The Taking of Pelham 123 - Movie Review (2009)

Click here to read my original The Taking of Pelham 123 review from 2009.


Three years went by between Tony Scott’s previous film, Deja Vu, and this. Before that and culminating with Deja Vu, he directed films in three consecutive years. Was he burnt out? Or creatively stuck? I’m merely speculating, but choosing to remake this well-known 70s thriller is a choice that otherwise makes little sense for a director as uniquely visionary as Scott. Sure, he brings a certain flair to the proceedings, as always, but the soul of the original is only superficially changed and not in ways that improve upon it. Certain characters act differently and have different backstories. The film’s conclusion is injected with some adrenaline, but none of it feels truly inspired.

Mid-to-late 2000s Scott muse Denzel Washington plays Walter Garber, a train dispatcher for the New York MTA. It’s not what he was supposed to be doing on the day a man named Ryder (John Travolta) took over the Pelham 123 train by force, but he answered the call because he was demoted from his supervisor role while he was investigated for allegedly accepting a bribe on the job. Ryder and his partners in crime demand $10 million from the city within the hour in exchange for the train and its hostage passengers, but Ryder almost immediately becomes interested in something else. He identifies Garber as another person who has been beaten down by “the man,” and deep down he thinks Garber will identify favorably with what Ryder is doing here. So he insists on Garber being the one to deliver the money to find out if he’ll put his neck on the line for the city that he thinks turned its back on them both.

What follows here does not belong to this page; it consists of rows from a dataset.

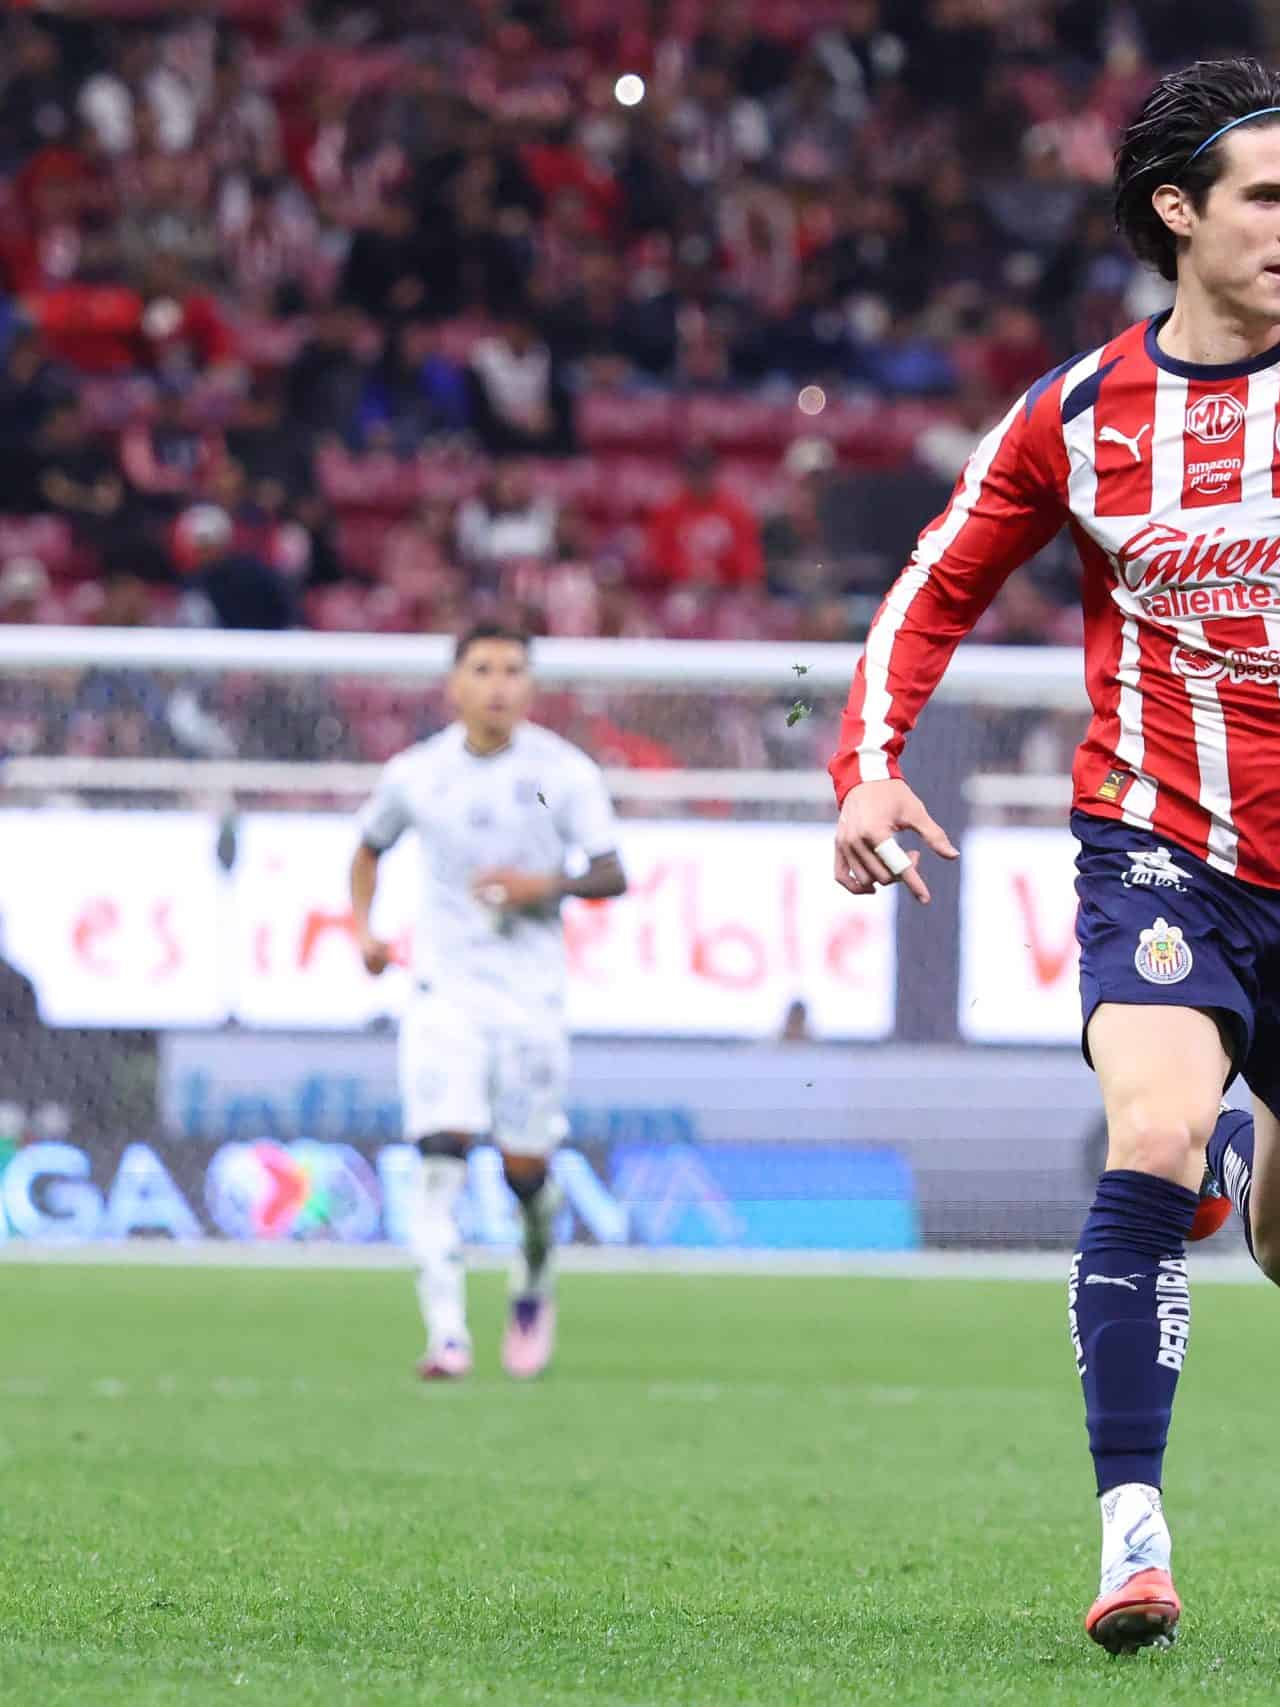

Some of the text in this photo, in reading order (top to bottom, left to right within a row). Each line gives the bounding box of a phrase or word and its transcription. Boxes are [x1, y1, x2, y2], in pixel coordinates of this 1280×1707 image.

[1191, 400, 1239, 438] MG
[1187, 458, 1241, 475] amazon
[1190, 469, 1232, 488] prime
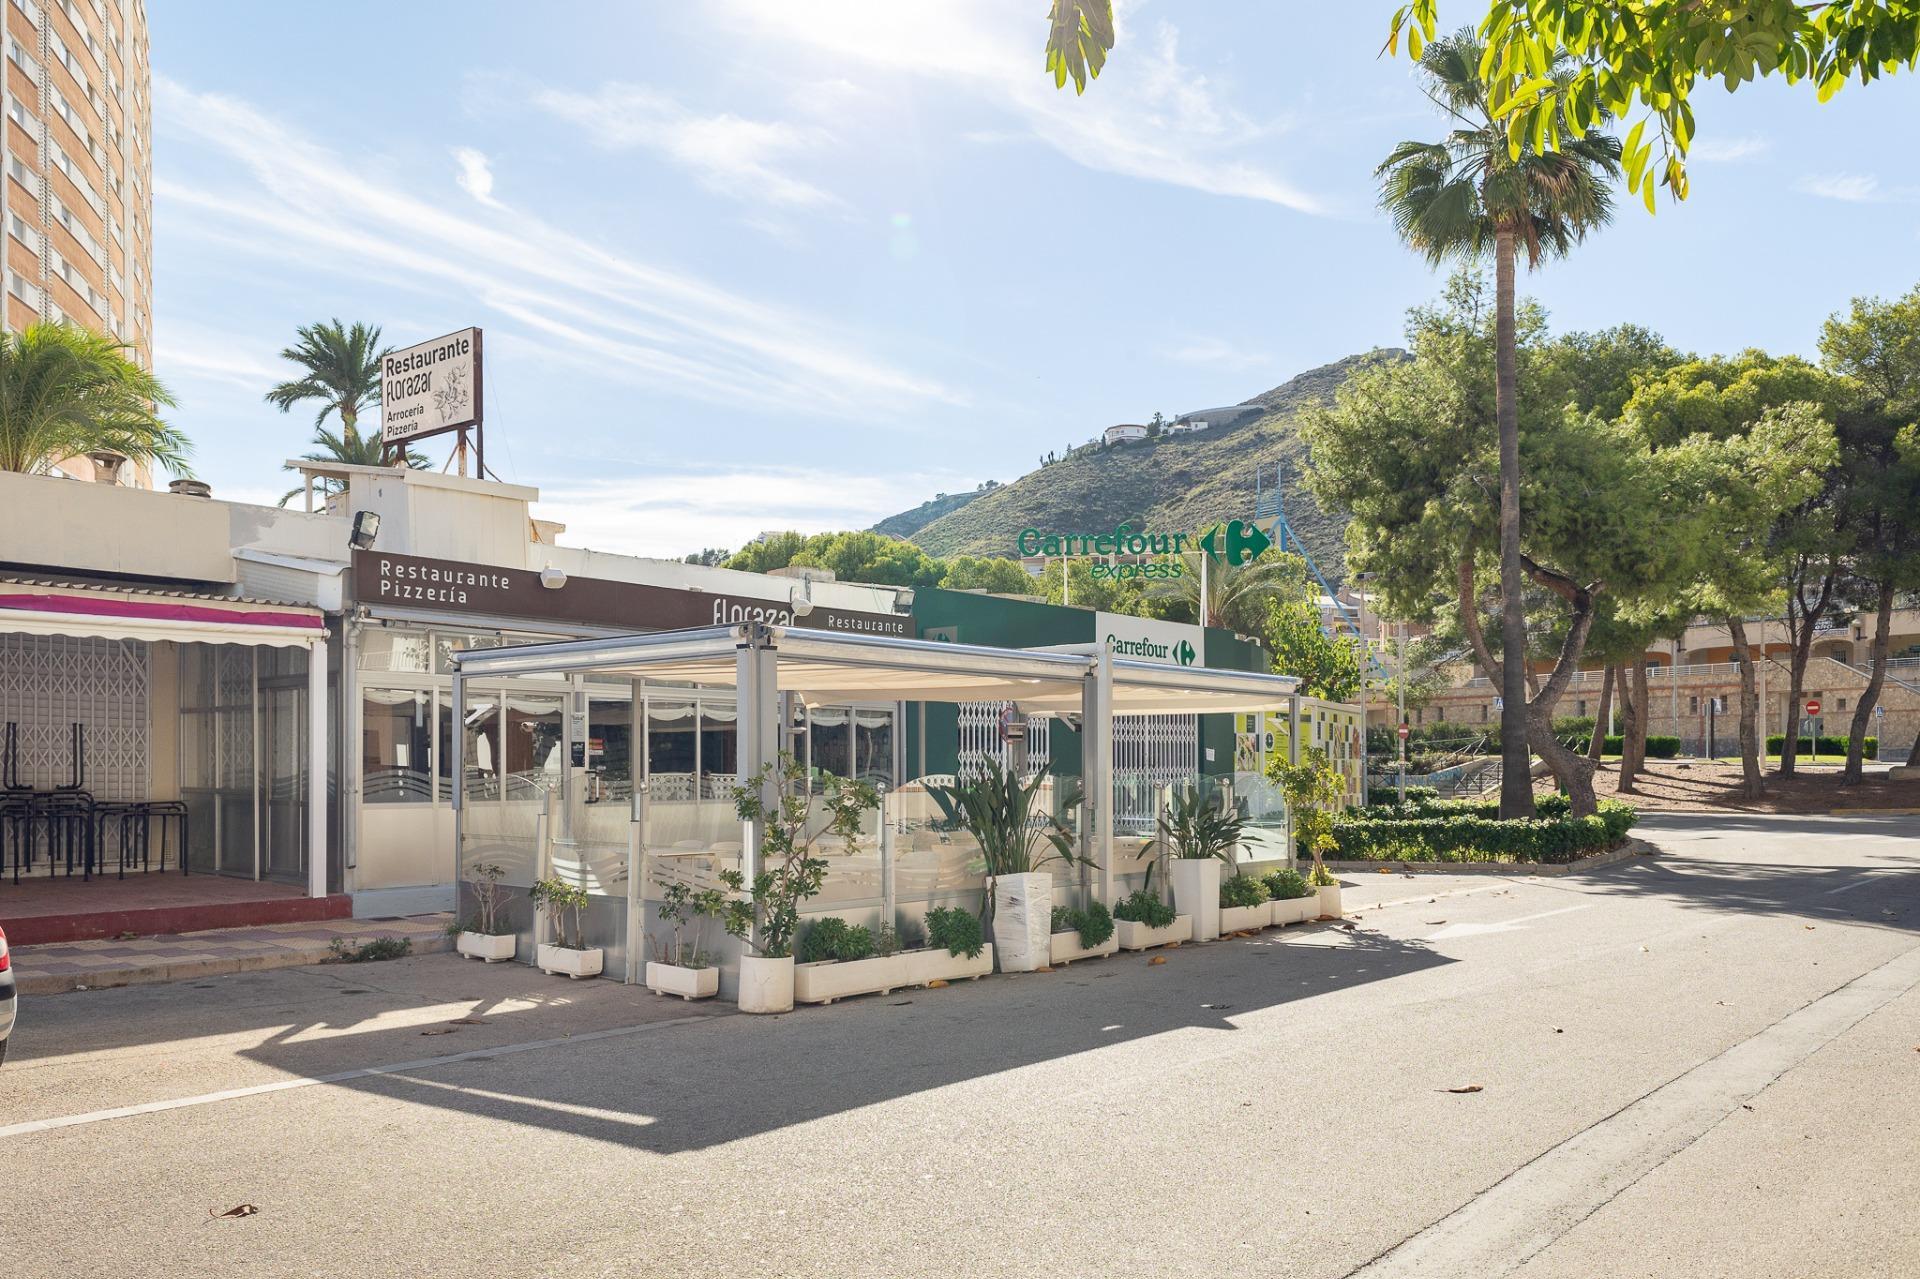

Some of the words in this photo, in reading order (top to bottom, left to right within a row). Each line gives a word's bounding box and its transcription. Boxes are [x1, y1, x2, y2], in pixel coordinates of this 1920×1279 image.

[386, 338, 469, 377] Restaurante
[386, 371, 432, 407] florazar
[387, 403, 424, 423] Arrocería
[1018, 525, 1187, 557] Carrefour
[380, 560, 510, 589] Restaurante
[1091, 562, 1183, 583] express
[380, 580, 467, 603] Pizzería
[828, 615, 904, 633] Restaurante

The relationship between Garber and Ryder is the biggest departure between the original Pelham and Scott’s remake. It’s an interesting wrinkle, but I’m not sure it adds up to all that much. Denzel Washington is pitch perfect in this role, but these just aren’t people that I need to see psychologically penetrate each other. Ultimately, the film seems to want to build toward this moment of almost divine heroism from a normal guy with little to gain. Scott has done more interesting versions of that before. His best films instead deal with people defined by their contradicting good and bad qualities. And the original Pelham succeeded in spite of its Garber’s flaws and disinterest in being a hero. It just seems like a misguided choice, and it really defines the entire film.

It doesn’t help that Travolta is pretty awful as Ryder. He’s pretty whiny and very hot-headed, and in that sense, he’s the polar opposite of Robert Shaw’s chillingly polished and determined Blue from the original. (Blue, you would think, would dispatch of Ryder fairly quickly if they were on the same job.) I don’t know what Travolta or Scott was going for with this characterization, but if the entire thing hinges on Garber finding the courage and the will to take him on, it’ll never work unless he’s someone we truly fear.

The action scenes are mostly rote – extra loud and extra fast versions of what we saw in 1974. I do think the mayor subplot is vastly improved over the original film. James Gandolfini is a great choice, and it’s nice to see that character with some agency. Ultimately, though, this is just a film from a guy who can do better and feels like he’s on autopilot. Weirdly enough, he finds some real inspiration for his next (and last) film, which also centers around a train, so maybe Pelham was a necessary stepping stone to bring us Unstoppable, but regardless, I don’t think it’s worth watching. I didn’t like it in 2009, and I still am not a fan.